# Trapster. Find Police Traps



## craig87 (Jun 2, 2008)

Found this new app that runs on cell phones. http://www.trapster.com/
and web.

It uses your phones GPS and it alerts you as come accross speed traps and stuff. pretty nifty.


----------



## KozmoKramer (Apr 25, 2004)

So... You think it wise to post tips and tricks to circumvent police traffic enforcement on a pro-police website?

The kind of enforcement that might prevent someones kid on their bike or an innocent motorist from being killed by a speeding shithead?


----------



## craig87 (Jun 2, 2008)

KozmoKramer said:


> So... You think it wise to post tips and tricks to circumvent police traffic enforcement on a pro-police website?
> 
> The kind of enforcement that might prevent someones kid on their bike or an innocent motorist from being killed by a speeding shithead?


No ones being wise. It just related to law enforcement. I saw it on the news a couple days ago. Not everyone is trying to circumvent the police or find holes in the law.

Just to let you now I don't even have a radar detector in my car...

I saw on CNN or something and thought it would interest you guys because it is related.


----------



## justanotherparatrooper (Aug 27, 2006)

integra144 said:


> No ones being wise. It just related to law enforcement. I saw it on the news a couple days ago. Not everyone is trying to circumvent the police or find holes in the law.
> 
> Just to let you now I don't even have a radar detector in my car...
> 
> I saw on CNN or something and thought it would interest you guys because it is related.


 It might be that great first impression you made with your first post.


----------



## MM1799 (Sep 14, 2006)

haha that is interesting. How long before someone asks "trapster" to pay their citation because they got caught?


----------



## 7costanza (Aug 29, 2006)

I found a much better way to avoiding getting a ticket...drive the #$#@ING speed limit.


----------



## Guest (Jun 4, 2008)

7costanza said:


> I found a much better way to avoiding getting a ticket...drive the #$#@ING speed limit.


The best way to avoid a ticket is to make sure you aren't driving an SUV. I love gigging me some EssUVEEEEEEHHHHH!!!!


----------



## 7costanza (Aug 29, 2006)

Are you serious and why...


----------



## misconceived (Jun 18, 2006)

7costanza said:


> Are you serious and why...


Straight over your head. 

He tragets SUV's because the OP is a butt plug.


----------



## TopCop24 (Jul 11, 2005)

I only target silver Lexus RX 330s with snot nosed 18 year old drivers:-\"


----------



## lawdog671 (Sep 20, 2005)

This has gotta be someone using one of their fake names to stir sh*t up.....it's been quiet lately....I mean it is parade season......


----------



## Robert35 (Apr 5, 2006)

Most people don't have any clue.
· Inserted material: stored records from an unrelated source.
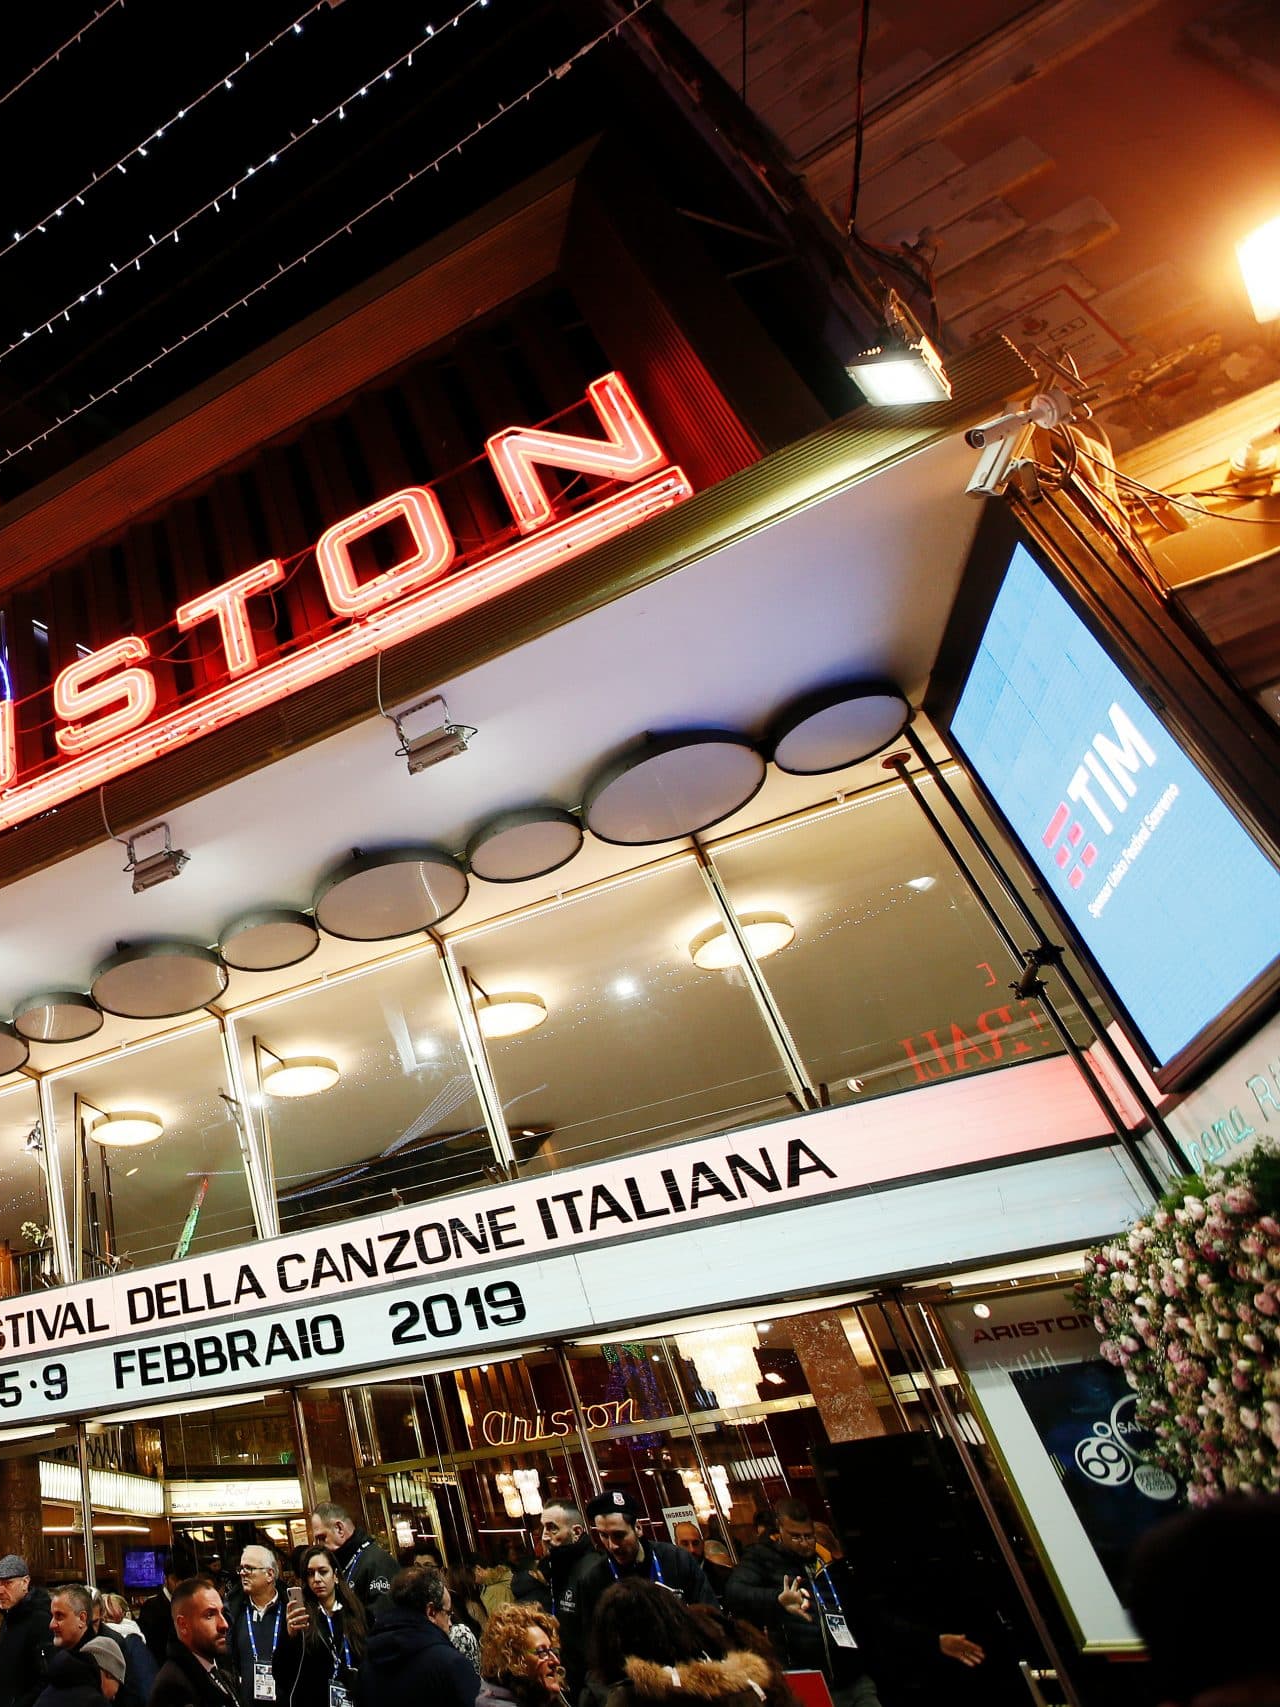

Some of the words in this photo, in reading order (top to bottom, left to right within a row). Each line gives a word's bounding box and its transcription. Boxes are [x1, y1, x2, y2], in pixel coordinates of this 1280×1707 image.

[1067, 702, 1157, 838] TIM
[127, 1263, 267, 1325] DELLA
[276, 1205, 526, 1294] CANZONE
[536, 1138, 838, 1241] ITALIANA
[114, 1311, 345, 1389] FEBBRAIO
[389, 1280, 527, 1346] 2019
What if we (Police) are set up for say a Bank Robbery waiting for the car to come by and you tip off our location and the Bank Robbers come by and shoot the officers set up waiting for the Robbers.


----------



## celticsfan (Dec 18, 2007)

Idea: we could create a site called "Whackster!"

and put known whacker locations here.


----------



## Nuke_TRT (Feb 10, 2008)

7costanza said:


> Are you serious and why...


Looks like you've been hanging down the Reactor again.


----------



## csauce777 (Jan 10, 2005)

integra144 said:


> No ones being wise. It just related to law enforcement. I saw it on the news a couple days ago. Not everyone is trying to circumvent the police or find holes in the law.
> 
> Just to let you now I don't even have a radar detector in my car...
> 
> I saw on CNN or something and thought it would interest you guys because it is related.
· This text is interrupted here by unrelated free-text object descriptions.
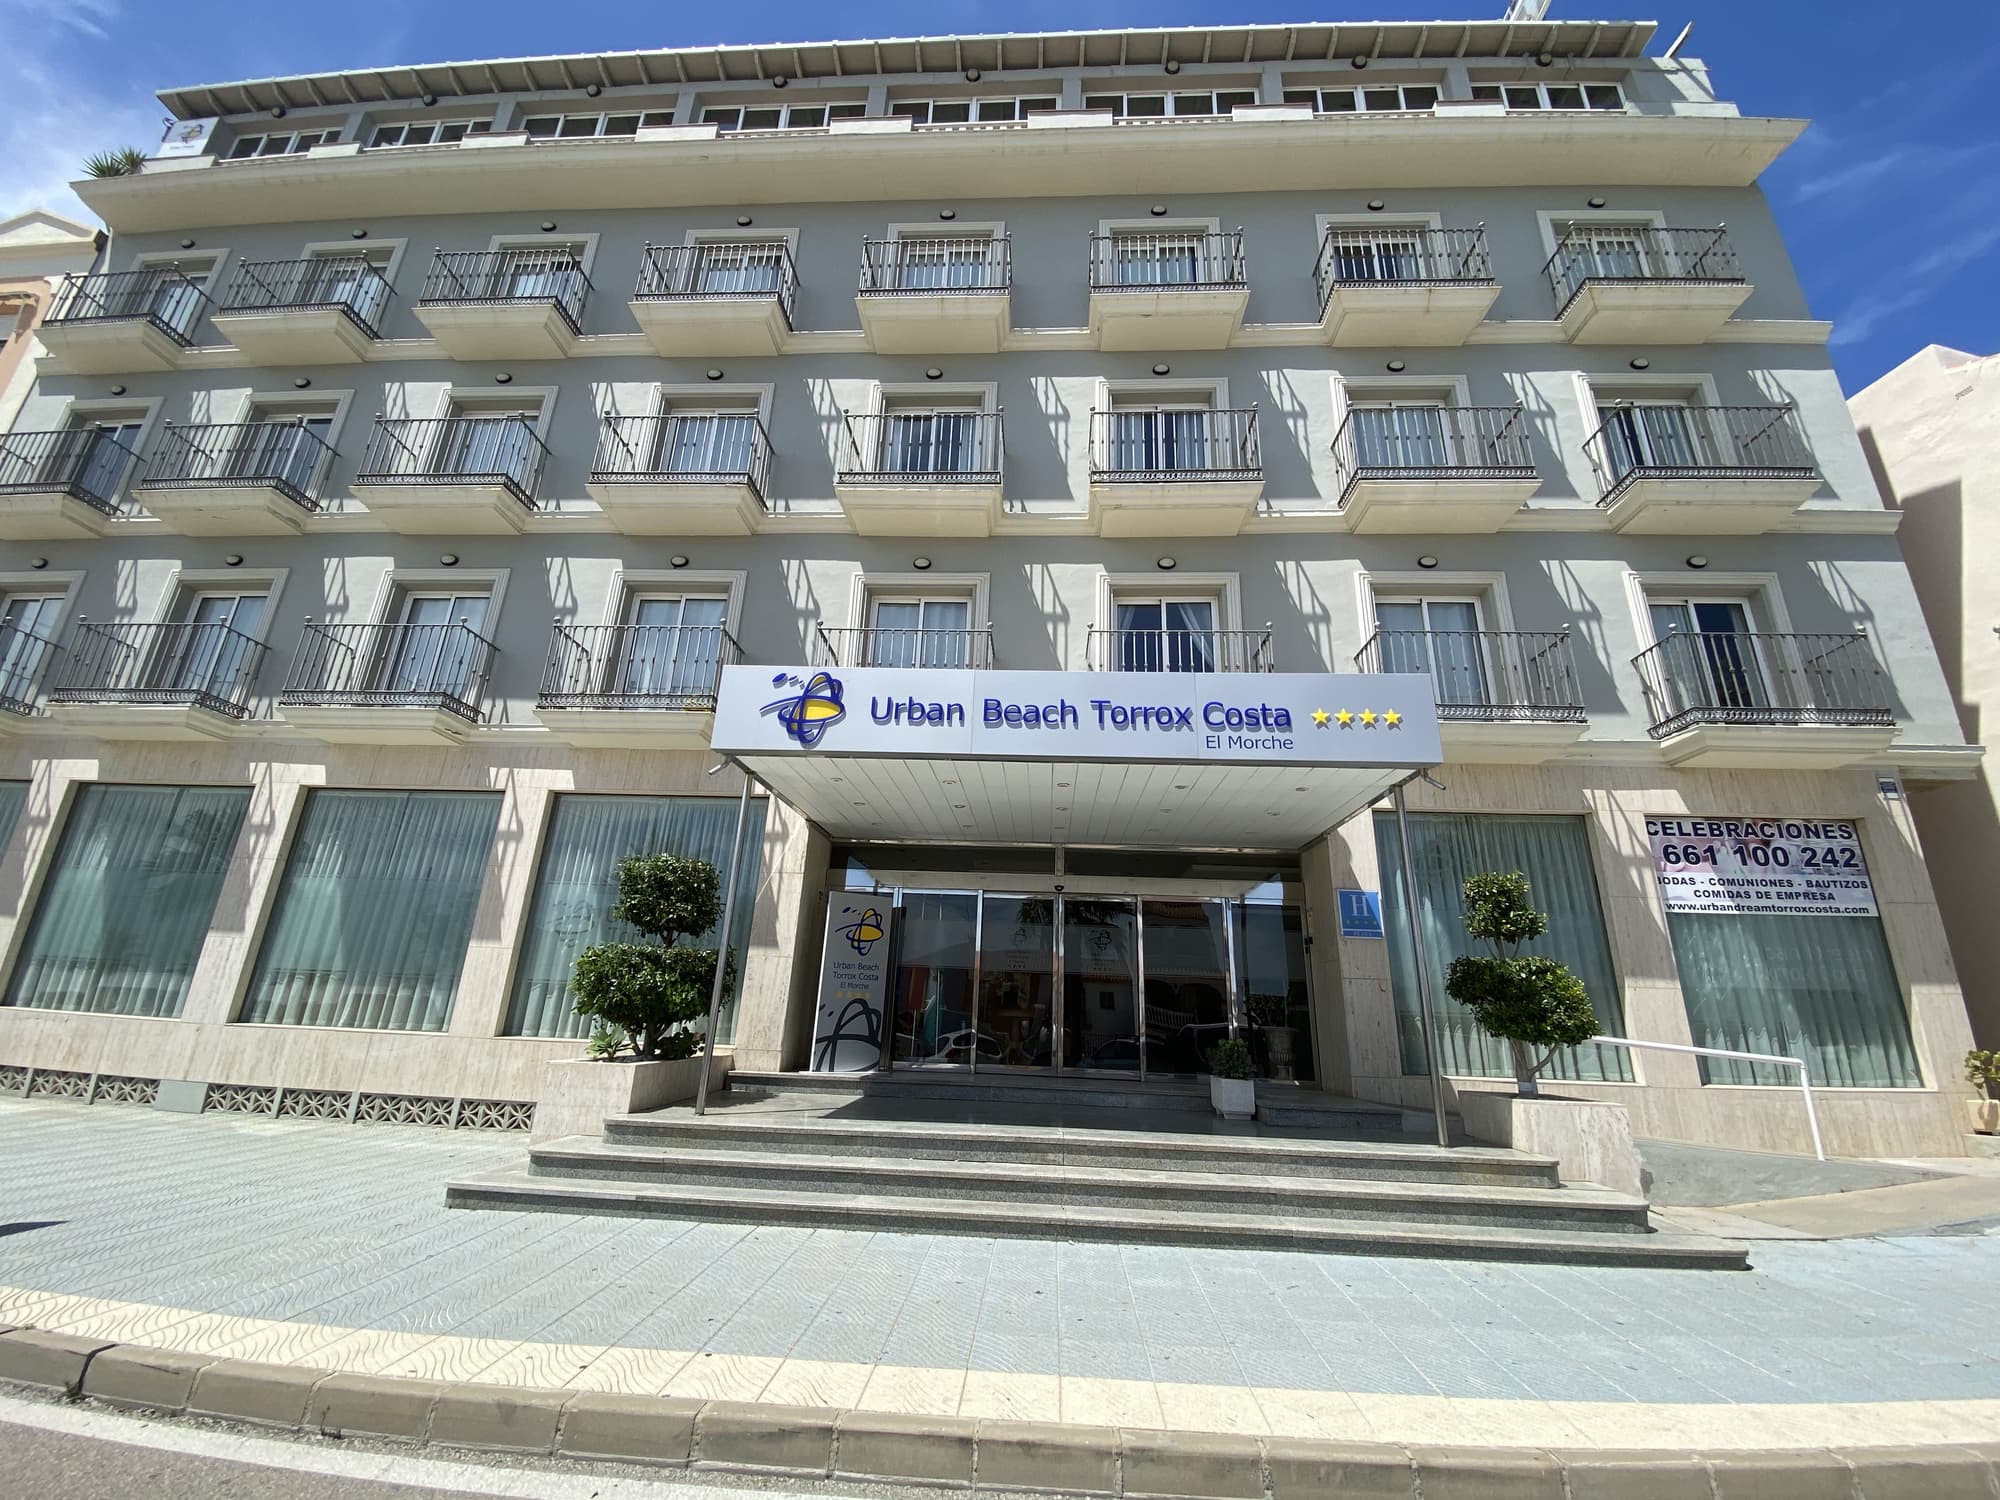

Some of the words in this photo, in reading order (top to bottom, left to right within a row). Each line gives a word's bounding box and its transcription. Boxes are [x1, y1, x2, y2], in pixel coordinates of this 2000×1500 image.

[870, 696, 965, 723] Urban
[982, 698, 1078, 725] Beach
[1090, 699, 1192, 727] Torrox
[1202, 701, 1292, 729] Costa
[1205, 735, 1221, 749] El
[1228, 735, 1294, 750] Morche
[1646, 820, 1853, 840] CELEBRACIONES
[1662, 844, 1718, 866] 661
[1732, 845, 1790, 868] 100
[1800, 846, 1860, 868] 242
[1708, 877, 1794, 889] COMUNIONES
[1806, 879, 1868, 890] BAUTIZOS
[1693, 889, 1751, 899] COMIDAS
[1755, 890, 1773, 900] DE
[1776, 891, 1836, 901] EMPRESA
[1348, 894, 1371, 917] H
[1665, 902, 1870, 914] www.urbandreamtorroxcosta.com
[833, 961, 856, 970] Urban
[857, 962, 880, 971] Beach
[858, 972, 879, 981] Costa
Given your user name, I'm gonna guess that you drive some lame fast and furious acura integra with the ground effects kit, neon lights, clear tail lights, and fire extinguisher mounted in the front seat right...and dont forget the super duper exhaust that makes it sound like a moped?? That would explain your looking for police "traps," no??


----------



## CTrain (Apr 17, 2006)

No, he doesn't. Mommy and Daddy took it away.

Read his other posts, about police targetting SUVs and whatnot.


----------



## rg1283 (Sep 14, 2005)

I'm so tired of these police traps! The other day I was walking in the hallway at a local shopping mall, all of a sudden I fall flat on my face! Then I hear snickering of 2 middle aged men who are holding a trip wire. They were cops! Stupid Police Traps. 

On the way home on my motorcycle, I passed through what I thought was a puddle! Nope you guessed it another trap! Silly police officers had those portable holes (like you see in cartoons). When is this going to end!


----------



## Tuna (Jun 1, 2006)

Hey Integra, we're all looking at you


----------



## USMCTrooper (Oct 23, 2003)

*New device helps motorist find "police radar traps".*










*This new device called a M I R R O R (Making Images Really Really Obvious Rearward) purports to alert speeding motorists when they are approaching a police speed trap. Unfortunately, the manufacturers admit, technology hasn't evolved sufficiently to overcome the slight delay in the processing of data.*


----------



## Guest (Jun 7, 2008)

USMCTrooper said:


> *New device helps motorist find "police radar traps".*
> 
> 
> 
> ...


Awesome!


----------